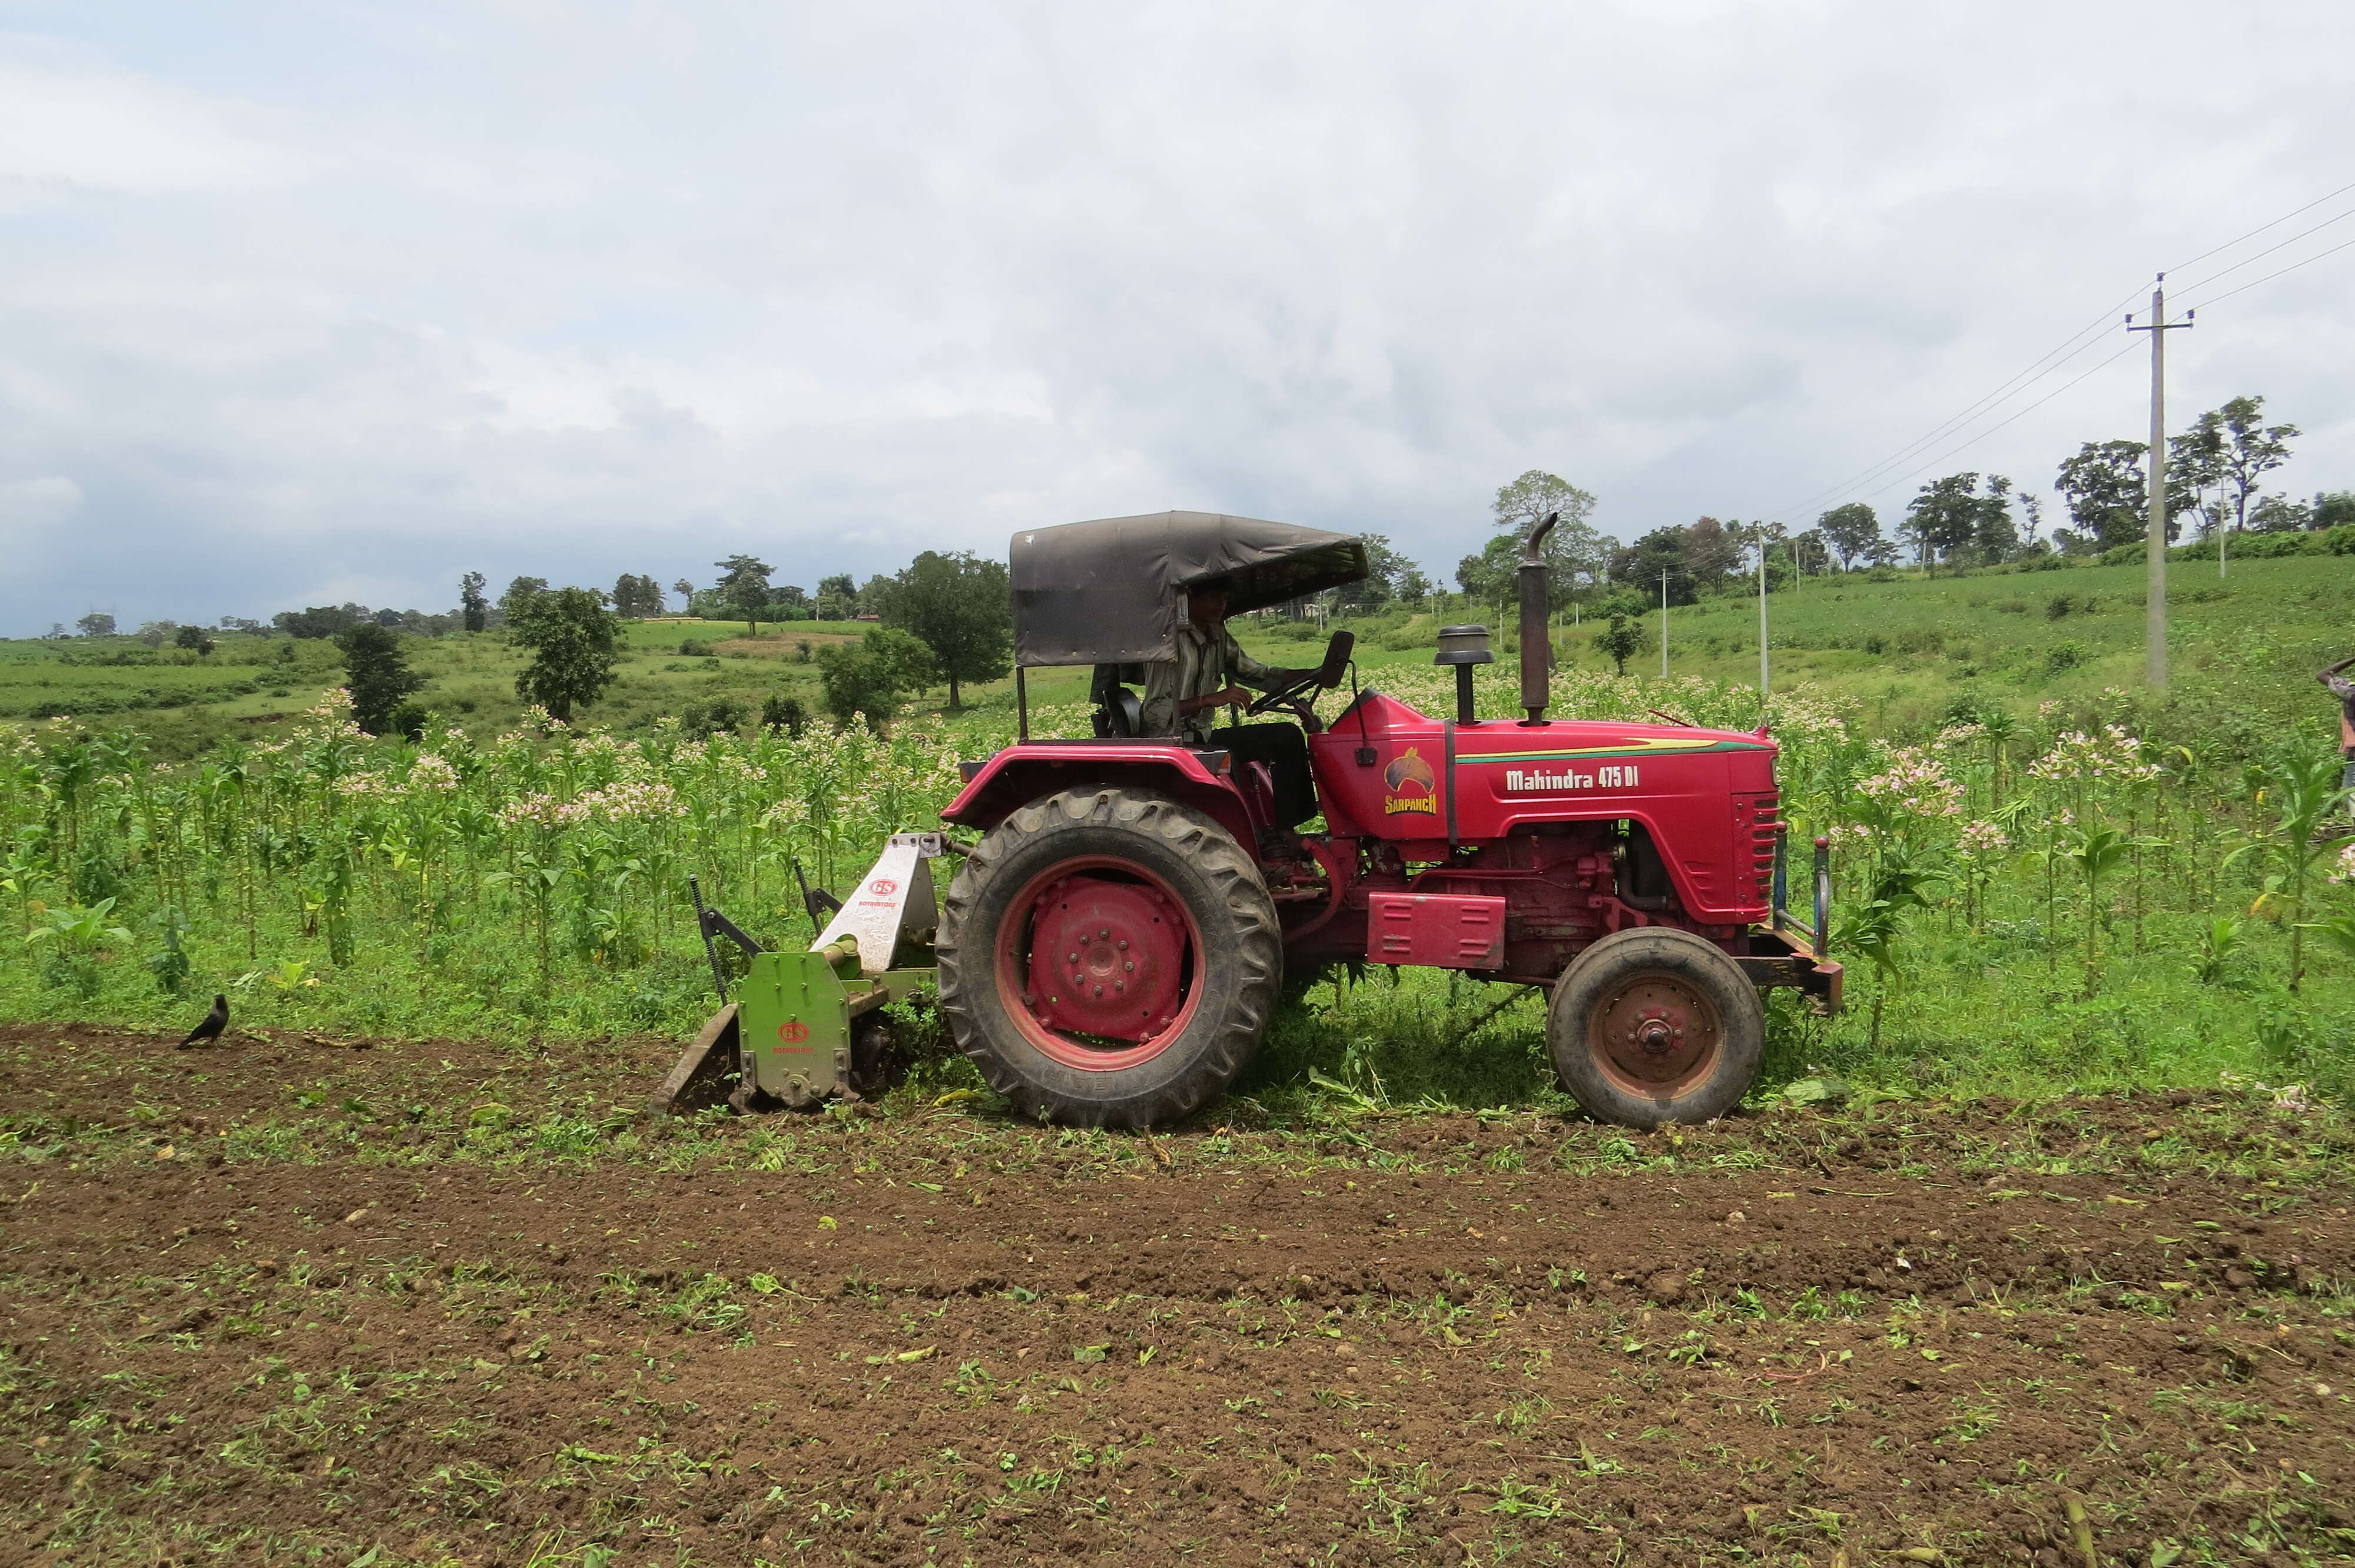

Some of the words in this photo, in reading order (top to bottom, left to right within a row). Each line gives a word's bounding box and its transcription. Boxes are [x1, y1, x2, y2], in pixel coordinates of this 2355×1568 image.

[1506, 769, 1593, 790] Mahindra
[1598, 766, 1621, 788] 475
[1624, 766, 1638, 787] DI
[1385, 794, 1437, 814] SARPANCH
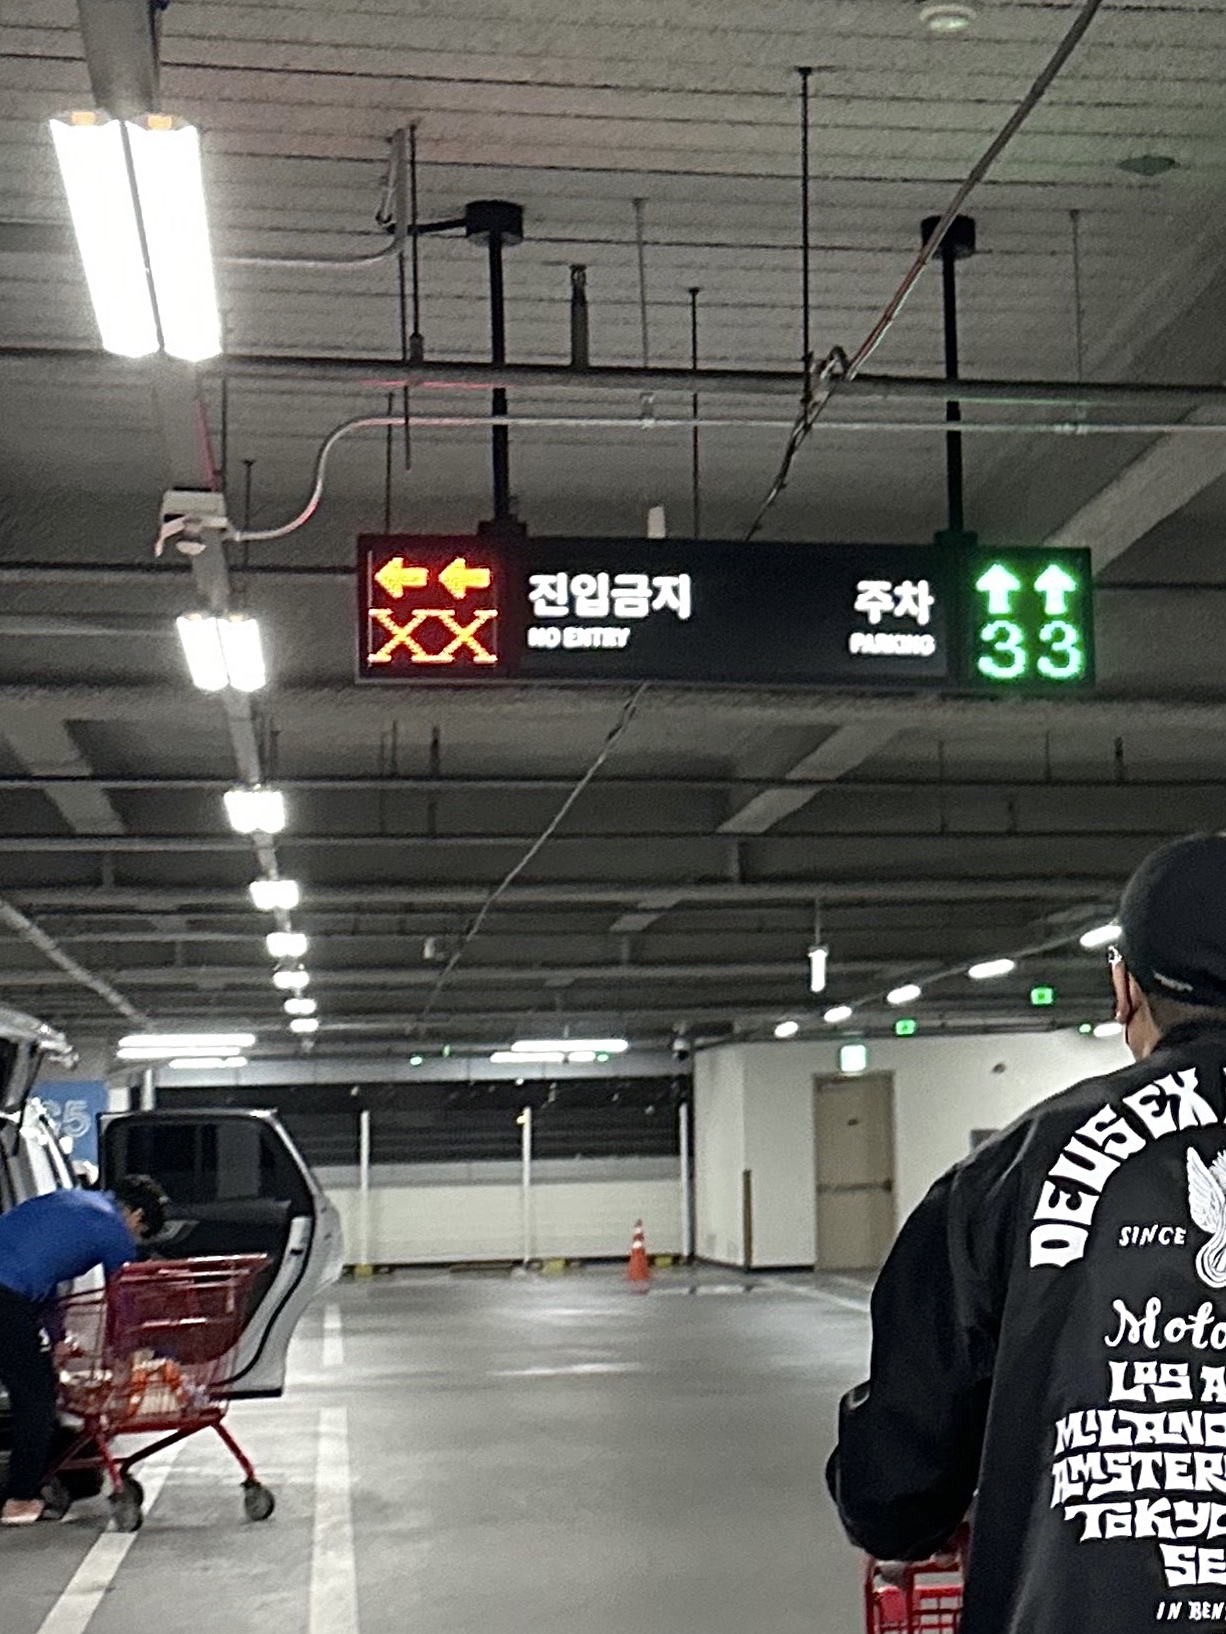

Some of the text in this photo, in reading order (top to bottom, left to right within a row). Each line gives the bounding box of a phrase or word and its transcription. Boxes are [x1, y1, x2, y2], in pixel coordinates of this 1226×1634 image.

____

Problem: Copy the data word for word, no pictures.

Final answer:
Some of the words in this photo, in reading order (top to bottom, left to right within a row). Each line gives a word's bounding box and its transcription. Boxes are [x1, y1, x2, y2], in pixel coordinates of this 2355×1568 image.

[1506, 769, 1593, 790] Mahindra
[1598, 766, 1621, 788] 475
[1624, 766, 1638, 787] DI
[1385, 794, 1437, 814] SARPANCH

Some of the text in this photo, in reading order (top to bottom, left to right within a row). Each line gives the bounding box of a phrase or word and its transcription. Boxes are [x1, y1, x2, y2], in pixel coordinates of this 1226×1634 image.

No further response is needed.